The analytic cohort included 183 PLWH and 152 HIV-uninfected participants. Of 25 PLWH with an ICD-9 diagnosis of COPD, 56% were misdiagnosed. Of 38 PLWH with spirometry-defined COPD, 71% were under-diagnosed. In PLWH under-diagnosed with COPD, 85% reported respiratory symptoms. Among PLWH with an ICD-9 COPD diagnosis as well as in those with spirometry-defined COPD, long-acting inhalers, particularly long-acting bronchodilators (both beta-agonists and muscarinic antagonists) were prescribed infrequently even in symptomatic individuals. Inhaled corticosteroids were the most frequently prescribed long-acting inhaler in PLWH (28%). Results were overall similar amongst the HIV-uninfected.
COPD was frequently misdiagnosed and under-diagnosed in PLWH, similar to uninfected-veterans.
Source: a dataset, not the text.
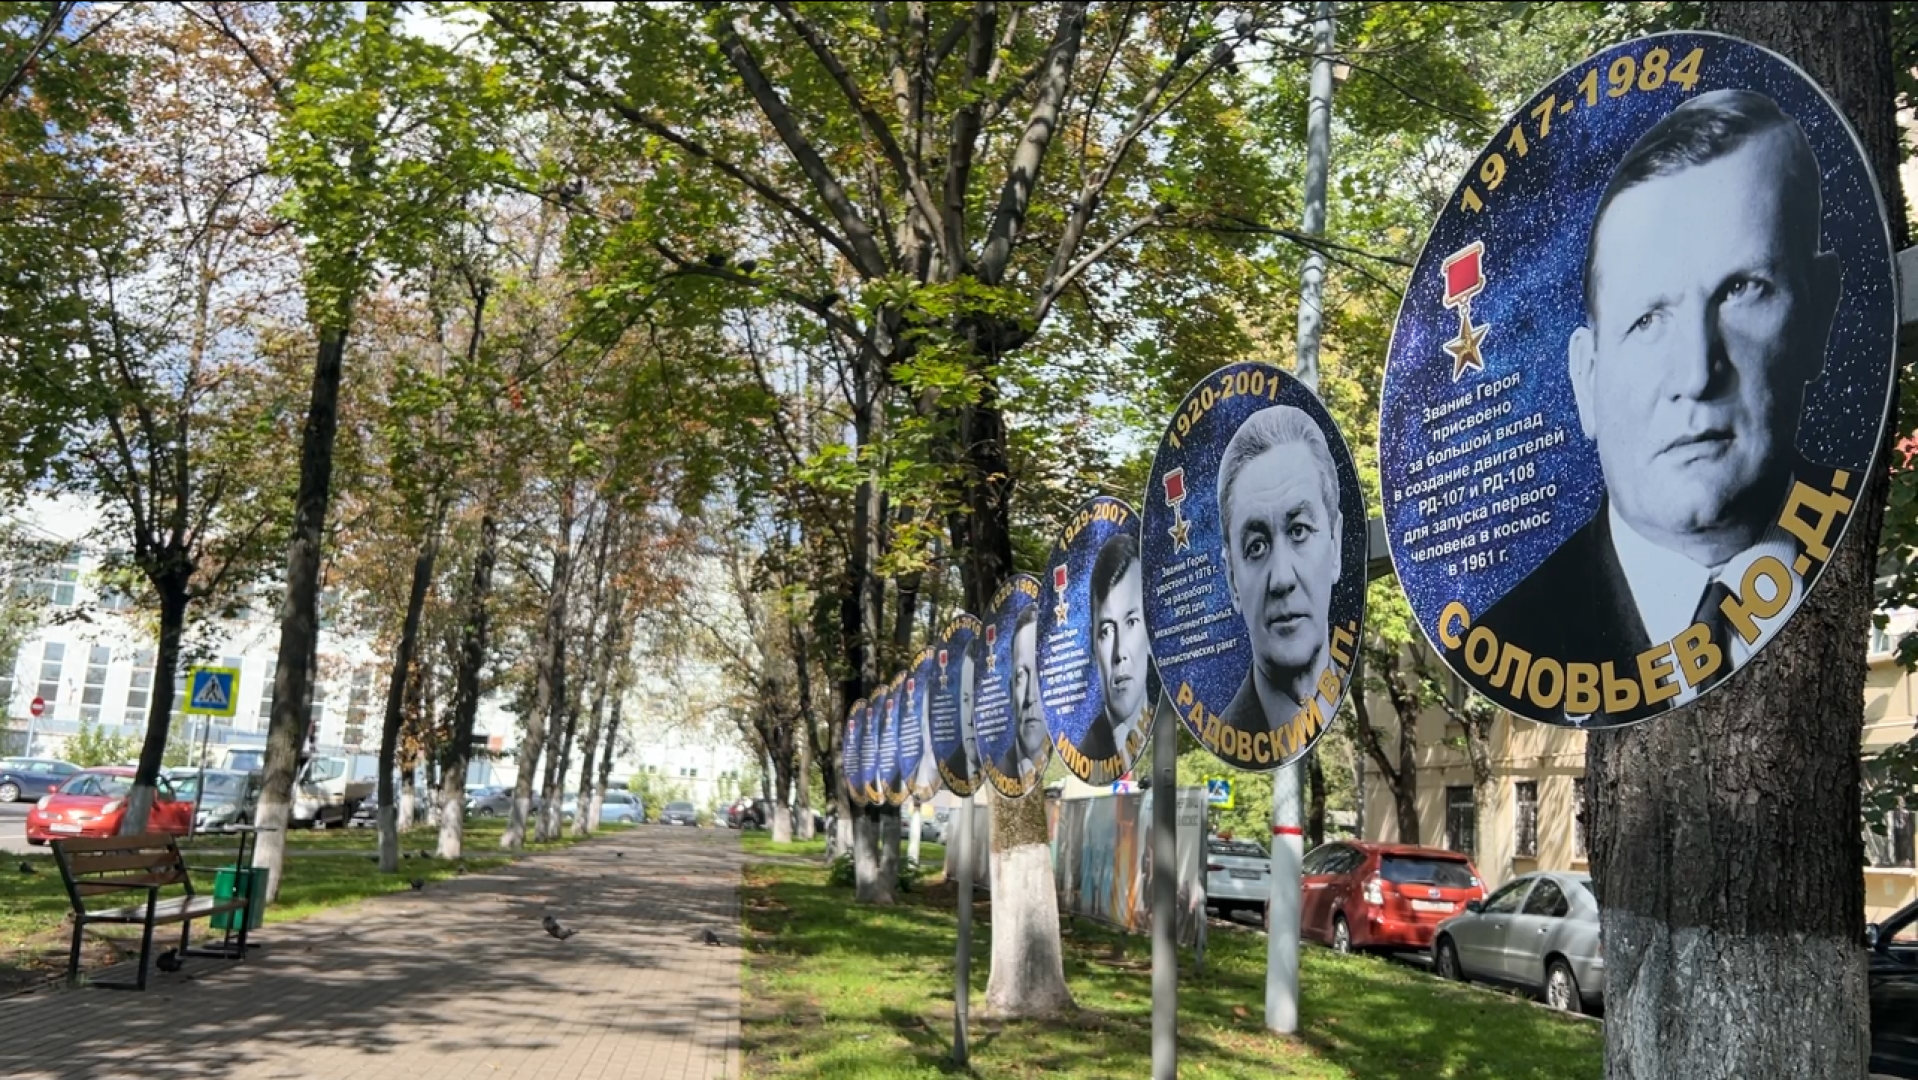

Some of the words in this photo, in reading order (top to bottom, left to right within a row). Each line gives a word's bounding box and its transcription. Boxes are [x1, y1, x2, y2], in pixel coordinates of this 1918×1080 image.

Among PLWH with COPD and a likely indication for therapy, long-acting inhalers were prescribed infrequently, particularly guideline-concordant, first-line long-acting bronchodilators. Although not a first-line controller therapy for COPD, inhaled corticosteroids were prescribed more often.
Keywords: bronchodilators, chronic obstructive pulmonary disease, diagnostic errors, HIV, spirometry
1. Introduction
Chronic obstructive pulmonary disease (COPD) prevalence is higher in people living with HIV (PLWH) compared with HIV-uninfected individuals.[1–4] The greater COPD prevalence is explained only in part by the higher rates of smoking in PLWH,[1,2,5–7] and may be related to increased susceptibility to respiratory infections, immunocompromised state, and chronic inflammation.[8–11] Prior studies suggest high rates of both misdiagnosis and underdiagnosis of COPD in the general population, ranging from 60% to >90%.[12,13] COPD is misdiagnosed when patients carry the clinical diagnosis, but spirometry does not confirm airflow limitation (defined as a ratio of the forced expiratory volume in one second [FEV1] over the forced vital capacity [FVC] of <0.70, or alternatively below the lower limit of normal (LLN) on post-bronchodilator spirometry).[14,15] Individuals are under-diagnosed when they are not recognized clinically to have COPD, but risk factors (e.g., smoking) are present and spirometry is consistent with the disease.
Inaccurate diagnosis of COPD has clinical consequences. Misdiagnosis is potentially harmful as it may result in use of inappropriate therapies and their associated adverse effects and failure to investigate other causes of symptoms. Under-diagnosis can result in a lack of appropriate therapies for COPD and puts patients at risk of worsening respiratory symptoms, exacerbations, and affects health-related quality of life. Both misdiagnosis and under-diagnosis of COPD may be more common in PLWH as HIV providers have been shown to have less awareness of current smoking status in PLWH.[16] Furthermore, multimorbidity, which is very common amongst PLWH, has been associated with a decreased likelihood of appropriate management of COPD.[17,18] Despite the prevalence of COPD, there are limited studies evaluating treatment of COPD in PLWH, particularly in relation to the presence or absence of a clinical COPD diagnosis and spirometry results. We determined misdiagnosis and under-diagnosis of COPD in a multicenter cohort of PLWH and uninfected individuals and evaluated prescription patterns of inhalers for COPD.
2. Methods
We performed a cross-sectional analysis of the Examinations of HIV-Associated Lung Emphysema (EXHALE) study. EXHALE enrolled 361 veterans with and without HIV who were participating in the Veterans Aging Cohort Study (VACS)[19] between 2009 and 2012 in a pulmonary substudy, excluding those with acute respiratory infection or prior lung disease other than COPD and asthma.[20,21] This analysis excluded 11 participants who did not have complete spirometry and 15 with a diagnosis of asthma (International Classification of Diseases [ICD]-9: 493.xx) without concurrent diagnosis of COPD and <10 pack-years of smoking, leaving 335 participants in the analytic cohort. EXHALE was approved by the Institutional Review Boards at participating institutions. All participants provided written informed consent.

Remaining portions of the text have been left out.